Notre système de Justice fonctionne donc malgré ses imperfections. Des questions se posent, toutefois, sur ces imperfections, malheureusement trop fréquentes. Où est le professionnalisme de notre Police, dans cette affaire ? Pourquoi notre Police n’a-t-elle pas approfondi son enquête, auprès de M. Sinclair ? Cela lui aurait permis de ne pas bâcler son enquête et causer autant de préjudice à une personne qui cherchait aussi à protéger les intérêts de notre pays Maurice.
Que dire du bureau du DPP ? Si une enquête n’est pas bien ficelée, au niveau de notre Police, n’est il pas du devoir du DPP, de lui retourner le dossier, en exigeant une rigueur plus grande, dans ses enquêtes policières, avant de décider s’il y a matière à poursuivre et si la charge peut être soutenue en Cour de Justice ?

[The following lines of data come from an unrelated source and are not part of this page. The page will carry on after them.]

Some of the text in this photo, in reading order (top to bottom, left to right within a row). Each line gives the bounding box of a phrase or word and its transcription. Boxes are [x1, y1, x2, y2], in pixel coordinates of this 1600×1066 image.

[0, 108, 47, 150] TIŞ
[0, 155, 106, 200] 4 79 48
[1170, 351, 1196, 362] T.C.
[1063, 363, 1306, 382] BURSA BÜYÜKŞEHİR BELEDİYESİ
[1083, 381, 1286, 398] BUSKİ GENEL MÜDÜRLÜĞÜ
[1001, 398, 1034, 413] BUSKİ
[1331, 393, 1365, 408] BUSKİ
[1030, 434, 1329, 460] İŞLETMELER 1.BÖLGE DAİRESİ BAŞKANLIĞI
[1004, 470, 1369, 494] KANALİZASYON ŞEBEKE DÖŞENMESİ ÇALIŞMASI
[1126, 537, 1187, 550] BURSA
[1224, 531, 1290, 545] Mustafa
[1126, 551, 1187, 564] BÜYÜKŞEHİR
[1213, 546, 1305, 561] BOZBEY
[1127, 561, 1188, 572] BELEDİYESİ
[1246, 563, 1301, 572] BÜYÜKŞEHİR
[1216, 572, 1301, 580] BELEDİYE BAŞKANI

Dans ce cas, on note que le bureau du DDP a demandé plusieurs renvois. Pourquoi le Tribunal a-t-il accédé aussi facilement à autant de renvois ? Notre Police, le DPP et nos Cours de Justice sont des maillons importants de notre système judiciaire, comme de notre Démocratie car notre Police, comme nos Tribunaux, agissent au nom du Peuple mauricien et seulement à ce titre. Nous devenons donc et bien malgré nous leurs complices en cas de maldonne. Fort heureusement, pour nous, il y a encore des juges et des magistrats à Maurice.

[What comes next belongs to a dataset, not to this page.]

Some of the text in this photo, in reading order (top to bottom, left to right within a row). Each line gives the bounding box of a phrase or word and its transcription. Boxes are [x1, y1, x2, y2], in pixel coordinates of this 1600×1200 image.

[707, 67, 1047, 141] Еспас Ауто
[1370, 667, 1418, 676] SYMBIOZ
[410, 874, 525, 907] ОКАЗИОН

En conclusion : « Democracy Watch » souhaite que l’affaire Boudet ne soit pas traitée comme un simple fait divers. Il y a des leçons à tirer pour tout le monde, si on veut que notre pays améliore son statut d’État de Droit. On ne peut rester indifférent devant la manière de faire des autorités dans cette affaire. « Democracy Watch » souhaite et espère que Mlle Boudet ne s’en tiendra pas là mais qu’elle osera poursuivre son Combat, en réclamant à l’État mauricien, autrement dit à nous, contribuables, les dommages et intérêts auxquels elle pourrait avoir droit, en raison du préjudice subi par elle, pour le simple fait d’avoir eu le courage nécessaire de dénoncer quelque chose, lui apparaissant préjudiciable pour un pays qui n’est pas le sien mais qui le devient, malgré l’intolérable coût que nous lui faisons subir. « Democracy Watch » espère, enfin, qu’il s’en trouvera un député pour demander à notre Gouvernement ce qu’il pense de cette affaire et s’il compte indemniser Mlle Catherine Boudet pour le tort que nous avons pu lui infliger.